Honey, I Shrunk the House. . .
For a growing number of Minnesotans, downsizing is becoming “tinysizing.” Drawn by the promise of a simple, uncluttered life where possessions are pared down to essentials, these homeowners are investing in dwellings that average 186-square feet or less. Models of minimalism, the typical tiny house has a compact galley kitchen, a living area with a small couch, a bath and shower that’s not much bigger than an airline lavatory, and a loft with a bed.In a state where the average suburban home is at least 2,300 square feet, the idea of living in a house the size a large bathroom can be claustrophobic and stifling. But for the hundreds of Minnesotans now inhabiting tiny-home communities around the Twin Cities and Duluth, abandoning space and stuff is more than a fair trade for the freedom from big mortgages and the chores, maintenance, and expensive upkeep of larger homes. Tiny-house owners typically have more disposable income to indulge their passions, and tend to give more time and energy to their friends and communities.
“Tiny living isn’t just about tiny houses. Tiny living is about life simplification; about doing what makes you happy,” said Jenna Spenser, a filmmaker who regularly posts videos about the tiny-house lifestyle on her website, Tiny House Giant Journey. “I don’t work for my house, it works for me. . . . It’s not going to be a burden on you, like a lot of houses are. It’s going change your life. It’s going to help you reach your dreams. . . . And that’s what the tiny house movement is to me.”
Save, Steward, Simplify
Although priced dramatically lower than conventional homes, tiny houses are not cheap—at least not by the square foot. Recently, a 176-square-foot tiny house on wheels in Moorhead sold for $53,000—or about $300 a square foot. By contrast, a 2,300-square-foot home selling for $350,000 is closer to $150 a square foot. A lot of the expense comes from the high degree of customization for things like cabinetry, stairs, bathroom, water heaters, kitchen appliances, and other features. Still, because the overall cost is so low, nearly 70% of tiny-home owners do not have a mortgage. And those that do are able to pay them off within a few years as opposed to decades.
Demographically, tiny-home owners skew older. Almost 40% of them are over 50, and more than half are women. They tend to be highly educated—twice as likely to have a master’s degree as the average homeowner. Many have owned conventional homes but downsized after raising children, divorcing, or the death of a spouse. Across all age groups, they are environmentally conscious and chose a tiny home in part to lower their carbon footprint and overall impact on the planet.

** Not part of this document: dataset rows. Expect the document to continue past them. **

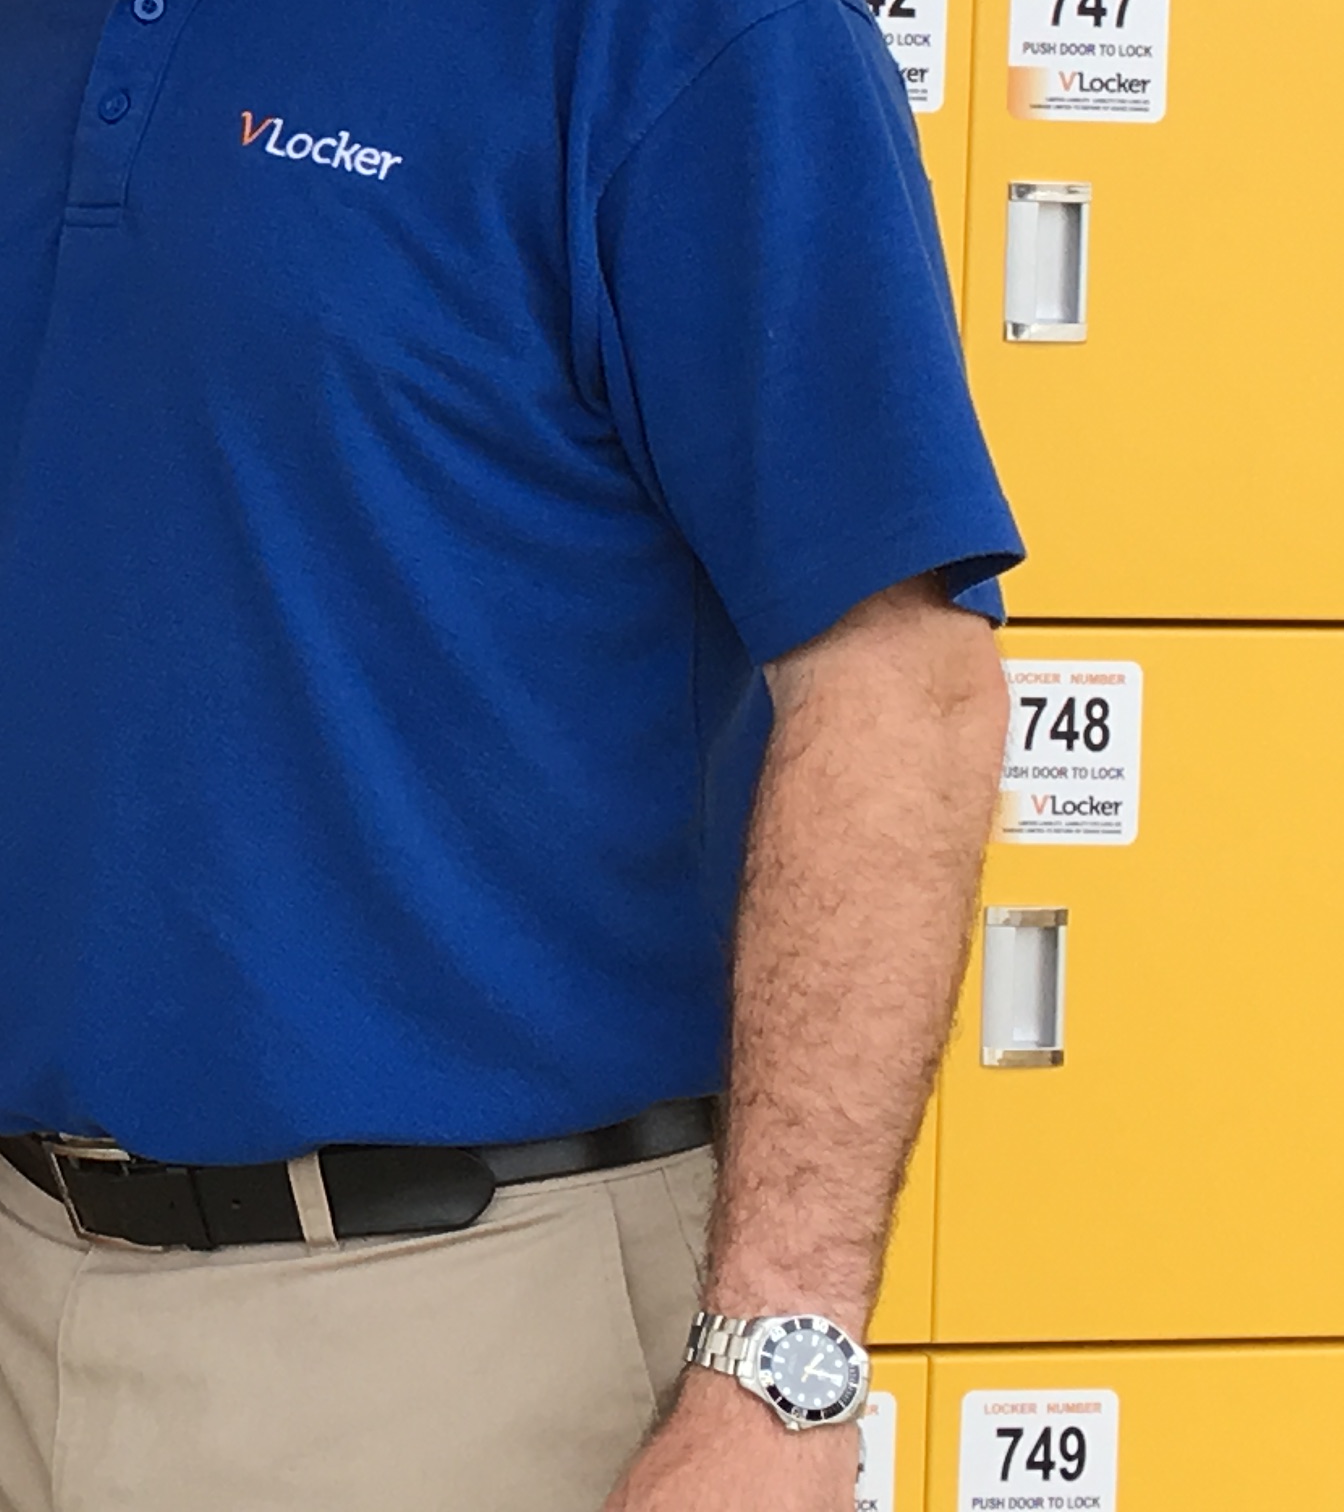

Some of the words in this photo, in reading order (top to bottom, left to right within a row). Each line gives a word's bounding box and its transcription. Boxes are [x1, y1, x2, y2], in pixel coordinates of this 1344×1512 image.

[898, 34, 931, 47] LOCK
[1022, 42, 1056, 55] PUSH
[1060, 43, 1096, 56] DOOR
[1099, 44, 1116, 57] TO
[1118, 45, 1152, 58] LOCK
[1059, 71, 1151, 94] VLocker
[241, 110, 403, 180] VLocker
[1008, 673, 1061, 684] LOCKER
[1070, 673, 1126, 685] NUMBER
[1020, 696, 1110, 752] 748
[1004, 767, 1028, 779] USH
[1032, 767, 1068, 779] DOOR
[1071, 767, 1088, 779] TO
[1091, 767, 1124, 780] LOCK
[1031, 794, 1123, 816] VLocker
[983, 1402, 1038, 1415] LOCKER
[1047, 1402, 1102, 1414] NUMBER
[996, 1426, 1087, 1482] 749
[972, 1497, 1006, 1511] PUSH
[1008, 1497, 1044, 1511] DOOR
[1047, 1497, 1064, 1510] TO
[1067, 1496, 1100, 1509] LOCK

And whether their homes are permanently anchored on concrete slabs or on wheels and ready to roll, tiny-home owners save enough on house-related expenses to travel more often than owners of conventional homes.
While saving money is a big plus, the urge to declutter and simplify is one of the driving forces behind the tiny-house movement. This is an especially big factor for women. In a study of married couples with children, the Journal of Personality and Social Psychology found that the burden of housework tends to fall unequally on women. Their overall stress was higher than that of their spouses, as measured by raised levels of cortisol, a hormone released by adrenal glands. Clutter, and the cleaning projects associated with it, played a large role in anxiety and unhappiness.
Do Your Research
For Minnesotans who want to toss the clutter, ditch the big mortgage, and go tiny, there are several factors to consider. First, check out the building and zoning codes in the community you would like to live. Some cities do not allow tiny homes, and others impose tight restrictions on where the homes can be placed. Duluth and St. Paul recently changed zoning laws to allow tiny houses.

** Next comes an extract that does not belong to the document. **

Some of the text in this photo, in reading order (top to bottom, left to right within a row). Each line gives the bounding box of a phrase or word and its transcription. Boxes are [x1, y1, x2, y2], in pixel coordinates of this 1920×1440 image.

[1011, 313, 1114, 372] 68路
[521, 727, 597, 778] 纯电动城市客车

Minnesota law favors tiny houses that are built on site, attached to a foundation, and intended to be permanent. In official parlance, they are classified as accessory dwelling units (ADUs). By contrast, tiny homes mounted on wheels are designated as recreational vehicles. Strict laws in many Minnesota communities often make it illegal to park such dwellings, even if you own the land. One exception is The Sanctuary Minnesota Village, a privately owned parcel where owners of tiny houses on wheels can lease parking spaces.

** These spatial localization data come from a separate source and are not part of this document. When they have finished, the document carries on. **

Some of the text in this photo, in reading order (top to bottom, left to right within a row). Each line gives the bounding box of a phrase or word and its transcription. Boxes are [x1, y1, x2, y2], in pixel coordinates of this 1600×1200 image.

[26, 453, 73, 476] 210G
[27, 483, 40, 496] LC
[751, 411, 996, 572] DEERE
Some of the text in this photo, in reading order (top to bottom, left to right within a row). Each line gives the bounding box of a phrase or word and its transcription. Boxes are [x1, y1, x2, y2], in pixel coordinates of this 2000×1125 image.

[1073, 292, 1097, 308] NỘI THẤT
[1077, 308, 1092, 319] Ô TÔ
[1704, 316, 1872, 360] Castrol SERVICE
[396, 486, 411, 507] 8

ADUs must meet all the building codes for normal dwellings, plus additional requirements for safety and habitability. This includes minimum sizes for bathrooms, kitchens, and loft areas; openings for emergency escapes and rescues; and specific codes for electric, plumbing, and mechanicals. Learn more by visiting the Tiny House Guide to Minnesota.
If you’ve been thinking about going tiny but aren’t ready to make the big move, you can taste the minimalist lifestyle by renting a tiny vacation getaway in Minnesota. Ultimately, while small spaces and less stuff might not be for everyone, there are elements of tiny-house philosophy that can bring more order, less clutter, and greater happiness to even the most palatial homes. As decluttering guru Marie Kondo advises in her book, The Life Changing Method of Tidying Up, if something doesn’t “spark joy,” get rid of it. Whether this perspective helps you clean out a closet or empty an entire house, it could mark the beginning of a fulfilling journey, no matter how tiny or great.